### About this task
Write the records out exactly as they read, but not the pictures.

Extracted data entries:

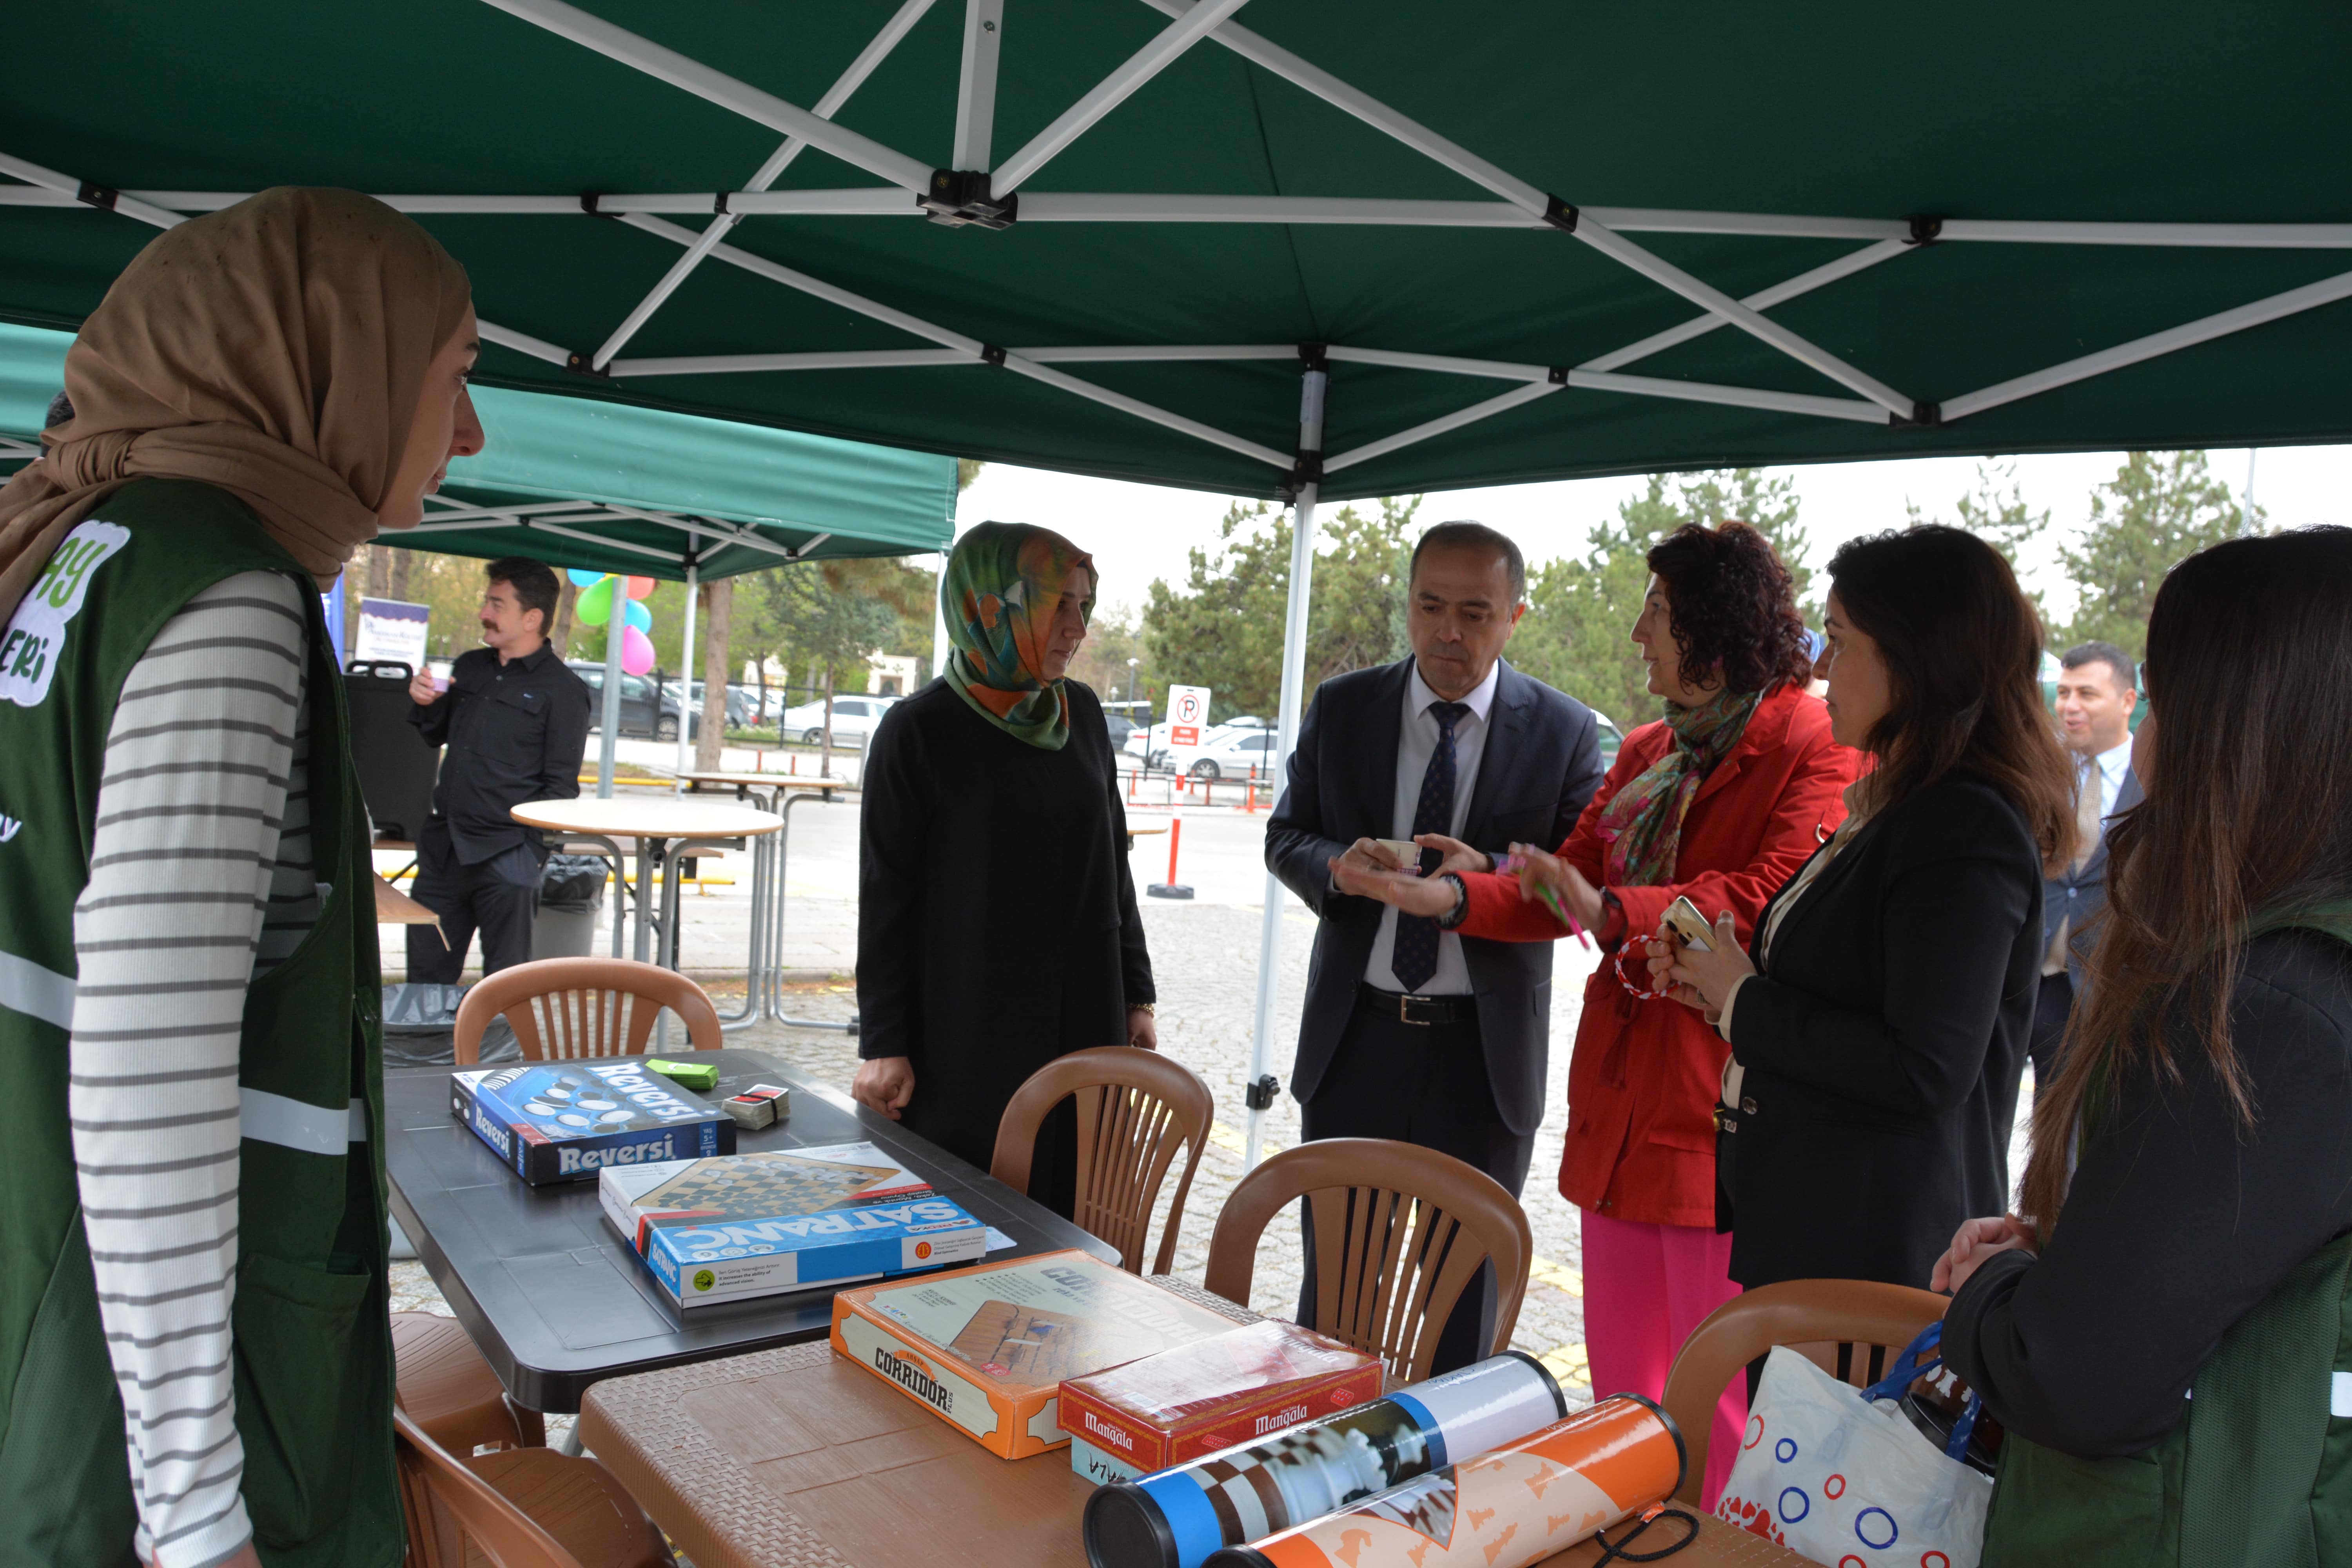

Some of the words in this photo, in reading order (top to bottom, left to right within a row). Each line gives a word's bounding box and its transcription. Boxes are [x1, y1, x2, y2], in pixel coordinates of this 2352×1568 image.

[587, 1062, 718, 1123] Reversi
[475, 1103, 510, 1158] Reversi
[558, 1133, 676, 1175] Reversi
[875, 1347, 948, 1412] CORRIDOR
[1085, 1411, 1132, 1451] Mangala
[1255, 1404, 1307, 1435] Mangala

### Finished exercise
Some of the words in this photo, in reading order (top to bottom, left to right within a row). Each line gives a word's bounding box and its transcription. Boxes are [x1, y1, x2, y2], in pixel coordinates of this 2352×1568 image.

[587, 1062, 718, 1123] Reversi
[475, 1103, 510, 1158] Reversi
[558, 1133, 676, 1175] Reversi
[875, 1347, 948, 1412] CORRIDOR
[1085, 1411, 1132, 1451] Mangala
[1255, 1404, 1307, 1435] Mangala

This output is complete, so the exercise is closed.